Section: Partnerships and Cooperations
Abstract: The SpaRTaN Initial Training Network will train a new generation of interdisciplinary researchers in sparse representations and compressed sensing, contributing to Europe’s leading role in scientific innovation. By bringing together leading academic and industry groups with expertise in sparse representations, compressed sensing, machine learning and optimisation, and with an interest in applications such as hyperspectral imaging, audio signal processing and video analytics, this project will create an interdisciplinary, trans-national and inter-sectorial training network to enhance mobility and training of researchers in this area. SpaRTaN is funded under the FP7-PEOPLE-2013- ITN call and is part of the Marie Curie Actions — Initial Training Networks (ITN) funding scheme: Project number - 607290
Abstract: The aim of this Innovative Training Network is to train a new generation of creative, entrepreneurial and innovative early stage researchers (ESRs) in the research area of measurement and estimation of signals using knowledge or data about the underlying structure. We will develop new robust and efficient Machine Sensing theory and algorithms, together methods for a wide range of signals, including: advanced brain imaging; inverse imaging problems; audio and music signals; and non-traditional signals such as signals on graphs. We will apply these methods to real-world problems, through work with non-Academic partners, and disseminate the results of this research to a wide range of academic and non-academic audiences, including through publications, data, software and public engagement events. MacSeNet is funded under the H2020-MSCA-ITN-2014 call and is part of the Marie Sklodowska- Curie Actions — Innovative Training Networks (ITN) funding scheme.
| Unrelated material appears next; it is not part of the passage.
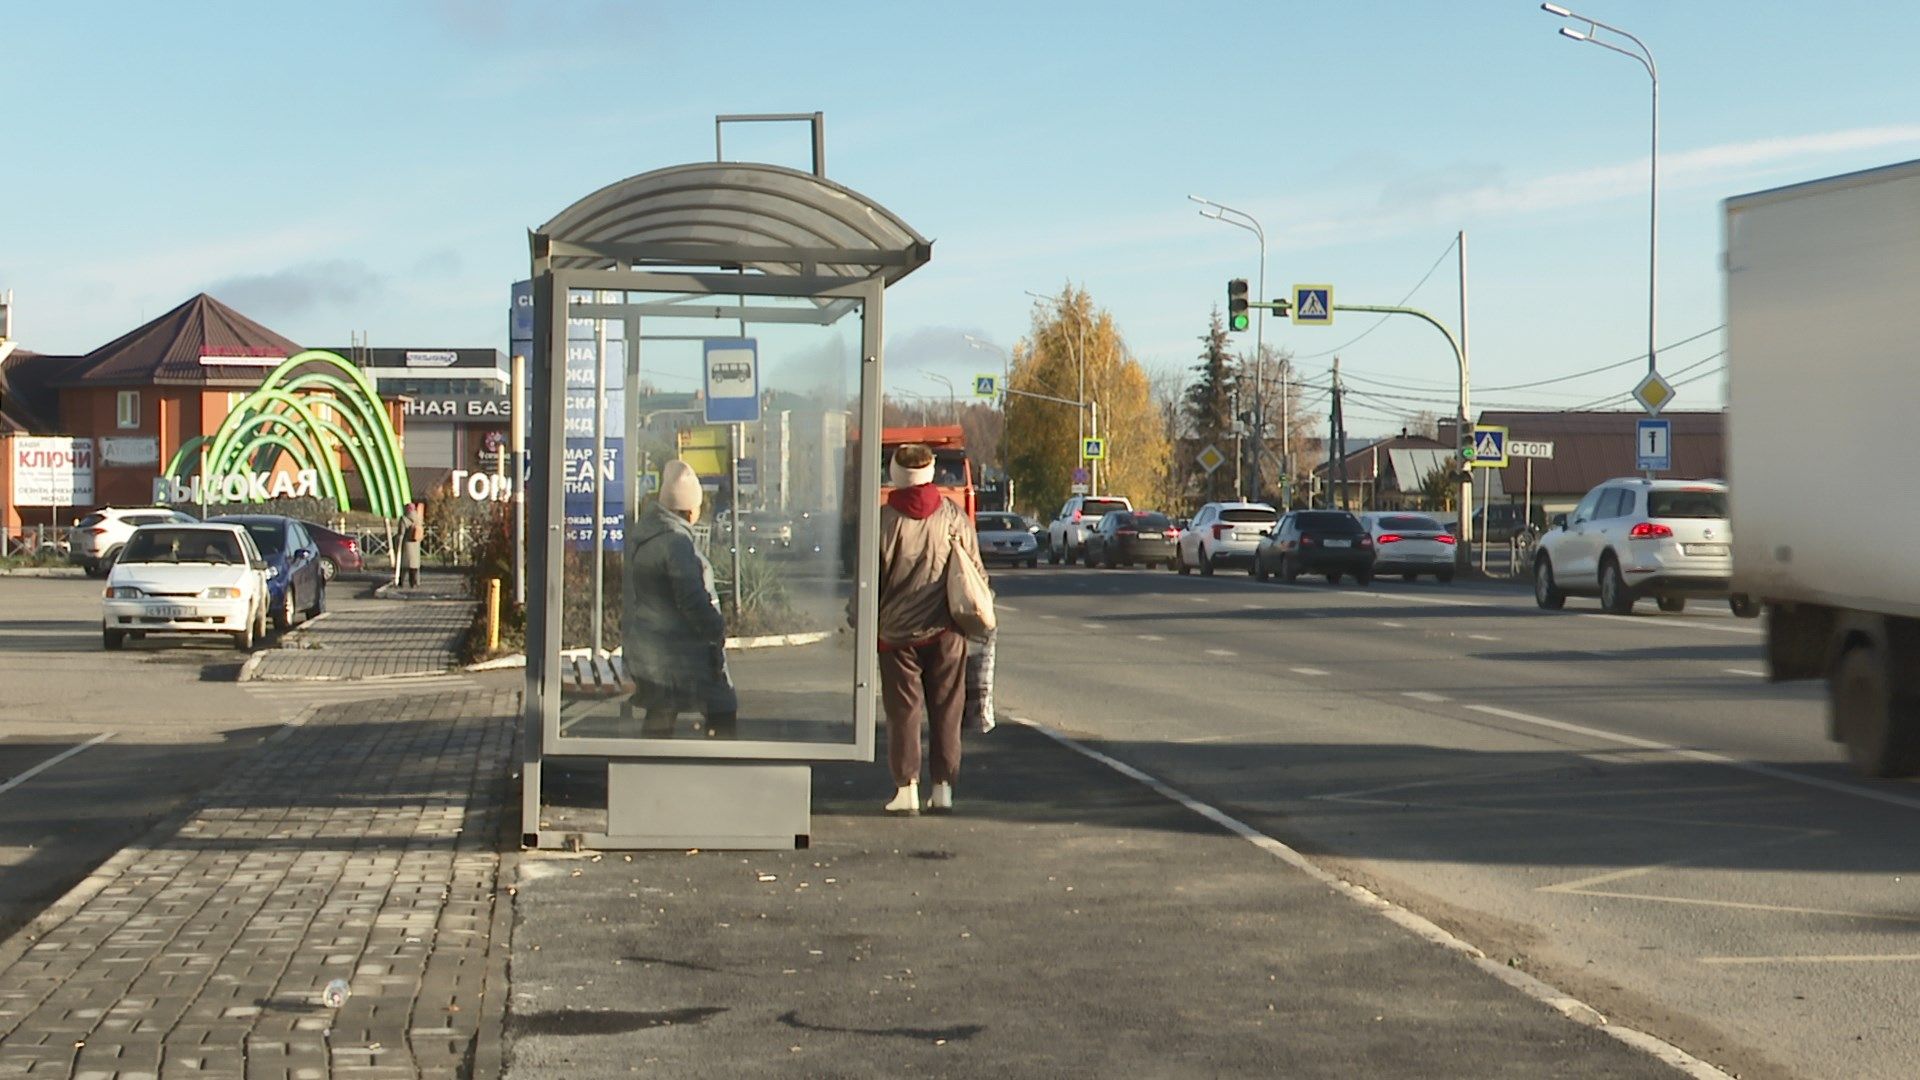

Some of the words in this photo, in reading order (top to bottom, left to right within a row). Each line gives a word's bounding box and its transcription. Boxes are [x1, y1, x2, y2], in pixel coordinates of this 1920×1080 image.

[1511, 443, 1547, 456] СТОП
[19, 451, 92, 468] КЛЮЧИ
[153, 469, 318, 503] ВЫСОКАЯ
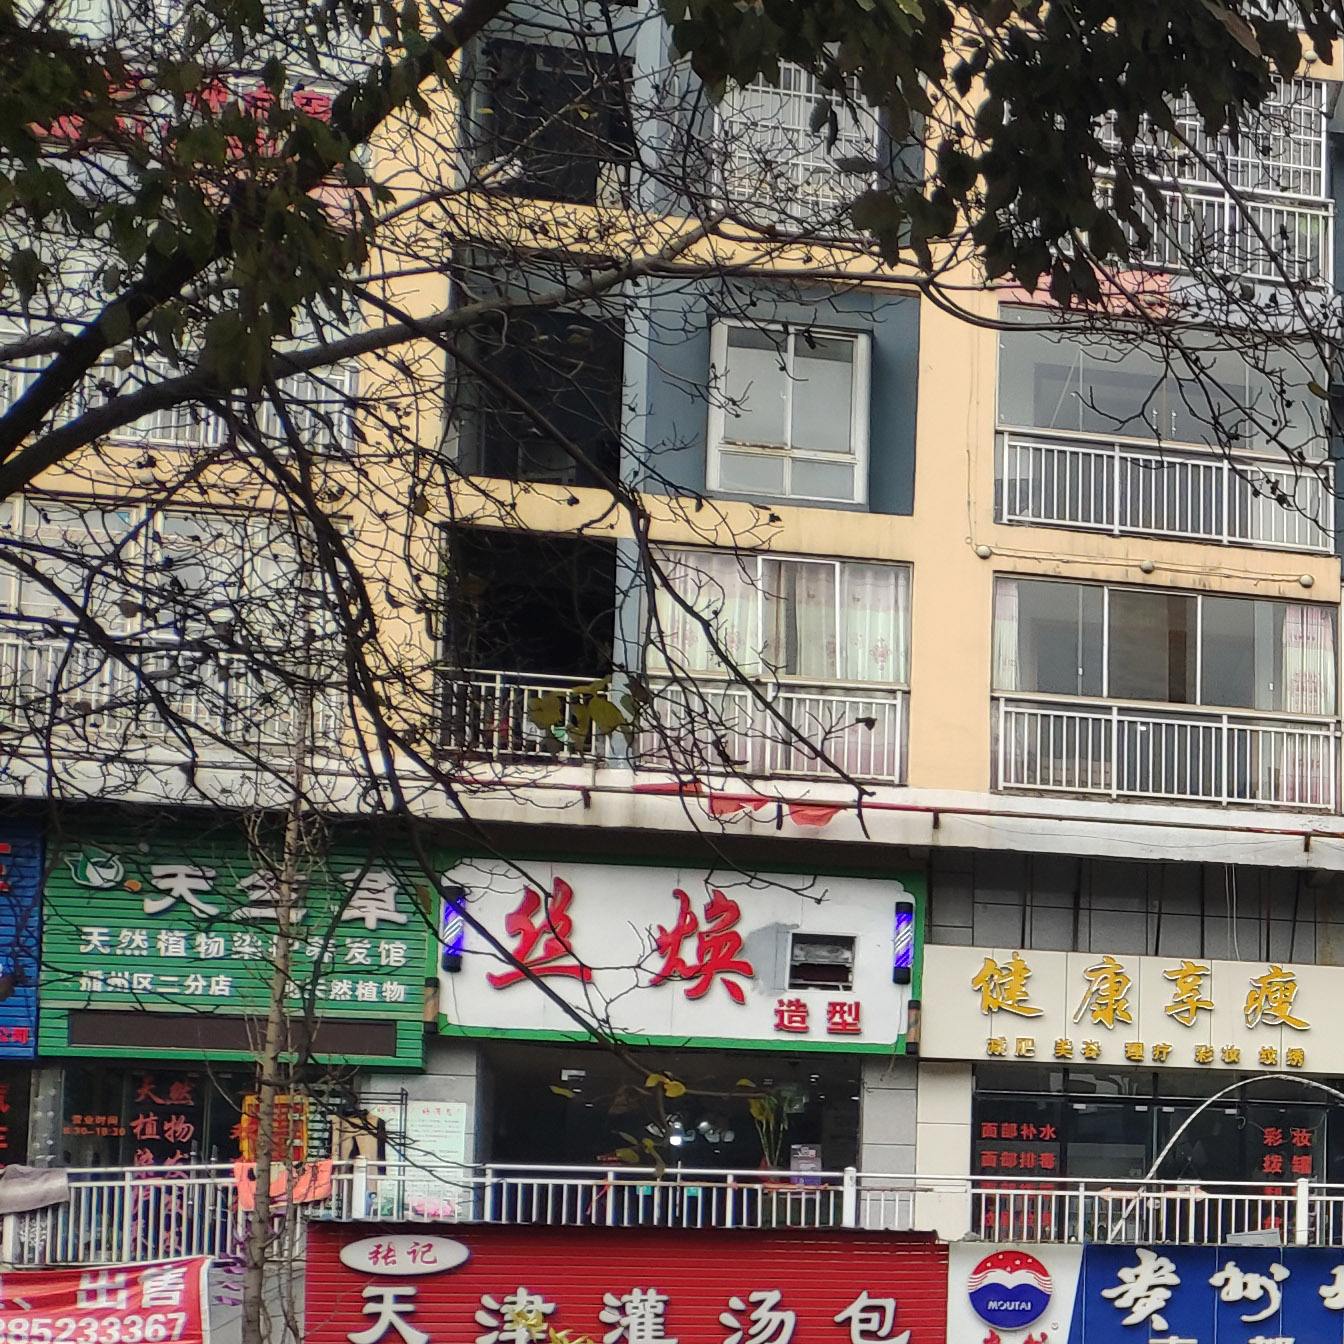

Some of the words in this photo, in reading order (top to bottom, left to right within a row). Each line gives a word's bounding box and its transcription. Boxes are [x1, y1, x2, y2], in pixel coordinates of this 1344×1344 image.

Abstract: Machine learning is needed and used everywhere, from science to industry, with a growing impact on many disciplines. While first successes were due at least in part to simple supervised learning algorithms used primarily as black boxes on medium-scale problems, modern data pose new challenges. Scalability is an important issue of course: with large amounts of data, many current problems far exceed the capabilities of existing algorithms despite sophisticated computing architectures. But beyond this, the core classical model of supervised machine learning, with the usual assumptions of independent and identically distributed data, or well-defined features, outputs and loss functions, has reached its theoretical and practical limits. Given this new setting, existing optimization-based algorithms are not adapted. The main objective of this project is to push the frontiers of supervised machine learning, in terms of (a) scalability to data with massive numbers of observations, features, and tasks, (b) adaptability to modern computing environments, in particular for parallel and distributed processing, (c) provable adaptivity and robustness to problem and hardware specifications, and (d) robustness to non-convexities inherent in machine learning problems. To achieve the expected breakthroughs, we will design a novel generation of learning algorithms amenable to a tight convergence analysis with realistic assumptions and efficient implementations. They will help transition machine learning algorithms towards the same wide- spread robust use as numerical linear algebra libraries. Outcomes of the research described in this proposal will include algorithms that come with strong convergence guarantees and are well-tested on real-life benchmarks coming from computer vision, bioin- formatics, audio processing and natural language processing. For both distributed and non-distributed settings, we will release open-source software, adapted to widely available computing platforms.